- Information
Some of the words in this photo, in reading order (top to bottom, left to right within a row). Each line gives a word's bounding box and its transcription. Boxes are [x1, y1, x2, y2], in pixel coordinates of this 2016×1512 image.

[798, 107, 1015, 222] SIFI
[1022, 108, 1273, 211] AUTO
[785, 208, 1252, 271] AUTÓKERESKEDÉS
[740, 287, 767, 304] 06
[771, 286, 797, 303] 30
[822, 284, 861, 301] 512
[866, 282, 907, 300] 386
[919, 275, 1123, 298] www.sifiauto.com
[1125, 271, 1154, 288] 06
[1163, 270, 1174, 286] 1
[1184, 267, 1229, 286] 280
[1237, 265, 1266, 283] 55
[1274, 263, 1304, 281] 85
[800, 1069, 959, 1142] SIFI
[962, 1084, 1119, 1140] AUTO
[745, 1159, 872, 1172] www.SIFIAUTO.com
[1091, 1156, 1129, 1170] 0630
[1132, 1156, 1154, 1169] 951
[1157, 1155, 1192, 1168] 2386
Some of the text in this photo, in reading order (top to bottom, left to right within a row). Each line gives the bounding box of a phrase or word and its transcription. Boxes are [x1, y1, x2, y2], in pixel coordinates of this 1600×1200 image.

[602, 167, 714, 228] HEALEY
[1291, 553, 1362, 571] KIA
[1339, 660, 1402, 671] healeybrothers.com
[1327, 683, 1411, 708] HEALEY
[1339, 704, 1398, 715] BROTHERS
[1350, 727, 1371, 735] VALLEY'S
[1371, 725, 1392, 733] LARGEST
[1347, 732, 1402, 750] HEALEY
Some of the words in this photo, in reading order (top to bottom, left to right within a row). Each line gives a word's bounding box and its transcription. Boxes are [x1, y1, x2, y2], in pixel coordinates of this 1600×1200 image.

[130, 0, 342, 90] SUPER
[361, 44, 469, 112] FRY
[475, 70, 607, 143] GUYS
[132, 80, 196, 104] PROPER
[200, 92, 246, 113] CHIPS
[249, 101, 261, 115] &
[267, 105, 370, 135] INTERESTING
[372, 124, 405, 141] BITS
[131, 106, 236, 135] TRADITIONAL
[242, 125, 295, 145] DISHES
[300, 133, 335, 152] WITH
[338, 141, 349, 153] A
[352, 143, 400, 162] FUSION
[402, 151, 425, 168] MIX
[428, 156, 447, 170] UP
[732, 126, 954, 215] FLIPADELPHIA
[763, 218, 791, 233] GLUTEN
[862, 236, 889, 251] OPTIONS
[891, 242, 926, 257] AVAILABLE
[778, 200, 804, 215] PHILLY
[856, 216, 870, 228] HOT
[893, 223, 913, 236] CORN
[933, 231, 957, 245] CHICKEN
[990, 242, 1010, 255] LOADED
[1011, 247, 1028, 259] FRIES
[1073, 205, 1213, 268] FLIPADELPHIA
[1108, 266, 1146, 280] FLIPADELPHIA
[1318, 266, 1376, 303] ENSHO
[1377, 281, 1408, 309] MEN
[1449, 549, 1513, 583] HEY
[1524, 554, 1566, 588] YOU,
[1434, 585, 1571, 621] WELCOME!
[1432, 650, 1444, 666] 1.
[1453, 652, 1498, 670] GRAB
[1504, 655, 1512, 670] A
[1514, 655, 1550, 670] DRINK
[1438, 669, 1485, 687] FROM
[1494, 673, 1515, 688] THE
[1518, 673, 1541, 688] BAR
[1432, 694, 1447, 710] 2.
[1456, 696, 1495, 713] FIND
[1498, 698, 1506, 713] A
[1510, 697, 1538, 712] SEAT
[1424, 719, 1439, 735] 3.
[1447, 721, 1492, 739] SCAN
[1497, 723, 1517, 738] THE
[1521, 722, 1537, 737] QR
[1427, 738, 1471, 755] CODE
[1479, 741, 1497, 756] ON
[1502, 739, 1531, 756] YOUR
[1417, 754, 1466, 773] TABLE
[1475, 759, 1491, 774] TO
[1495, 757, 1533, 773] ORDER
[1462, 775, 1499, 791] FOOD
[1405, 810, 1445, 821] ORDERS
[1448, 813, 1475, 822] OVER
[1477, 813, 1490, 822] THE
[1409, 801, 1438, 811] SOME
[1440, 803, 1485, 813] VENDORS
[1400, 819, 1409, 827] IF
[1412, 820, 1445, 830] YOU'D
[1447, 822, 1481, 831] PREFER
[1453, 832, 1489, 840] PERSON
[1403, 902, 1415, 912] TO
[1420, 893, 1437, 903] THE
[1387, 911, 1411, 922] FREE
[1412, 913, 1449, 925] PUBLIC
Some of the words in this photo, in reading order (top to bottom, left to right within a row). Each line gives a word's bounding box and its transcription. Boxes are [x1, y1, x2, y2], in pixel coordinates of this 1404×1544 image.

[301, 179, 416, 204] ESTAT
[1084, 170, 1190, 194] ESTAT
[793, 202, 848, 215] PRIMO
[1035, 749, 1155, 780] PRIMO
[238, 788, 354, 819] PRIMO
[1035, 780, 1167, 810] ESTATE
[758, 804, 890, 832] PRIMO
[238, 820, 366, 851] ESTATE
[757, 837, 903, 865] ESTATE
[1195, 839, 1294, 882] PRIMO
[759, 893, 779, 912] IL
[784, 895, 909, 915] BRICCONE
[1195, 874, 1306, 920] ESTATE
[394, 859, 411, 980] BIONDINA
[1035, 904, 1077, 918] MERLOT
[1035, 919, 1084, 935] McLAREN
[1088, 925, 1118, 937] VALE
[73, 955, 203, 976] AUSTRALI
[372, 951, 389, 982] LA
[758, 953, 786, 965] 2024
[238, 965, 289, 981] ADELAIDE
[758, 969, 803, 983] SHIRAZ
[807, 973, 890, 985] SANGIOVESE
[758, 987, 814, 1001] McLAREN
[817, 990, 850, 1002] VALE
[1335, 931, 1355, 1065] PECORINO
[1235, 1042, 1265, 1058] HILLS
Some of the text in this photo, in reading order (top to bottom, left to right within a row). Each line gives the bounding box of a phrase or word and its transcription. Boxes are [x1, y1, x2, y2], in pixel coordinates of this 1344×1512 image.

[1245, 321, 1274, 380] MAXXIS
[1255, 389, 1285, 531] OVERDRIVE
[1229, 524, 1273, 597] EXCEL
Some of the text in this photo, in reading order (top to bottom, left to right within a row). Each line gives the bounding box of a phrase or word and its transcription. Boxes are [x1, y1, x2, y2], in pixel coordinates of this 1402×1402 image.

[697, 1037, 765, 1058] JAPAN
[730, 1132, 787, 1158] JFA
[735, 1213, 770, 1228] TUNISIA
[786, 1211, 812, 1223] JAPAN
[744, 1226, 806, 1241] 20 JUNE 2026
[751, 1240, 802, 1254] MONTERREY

- What is being asked
Begin with the line that contains "this 1402×1402 image." and quote each line after it exactly, stopping after the last line of the data.

- Finished exercise
Some of the text in this photo, in reading order (top to bottom, left to right within a row). Each line gives the bounding box of a phrase or word and its transcription. Boxes are [x1, y1, x2, y2], in pixel coordinates of this 1402×1402 image.

[697, 1037, 765, 1058] JAPAN
[730, 1132, 787, 1158] JFA
[735, 1213, 770, 1228] TUNISIA
[786, 1211, 812, 1223] JAPAN
[744, 1226, 806, 1241] 20 JUNE 2026
[751, 1240, 802, 1254] MONTERREY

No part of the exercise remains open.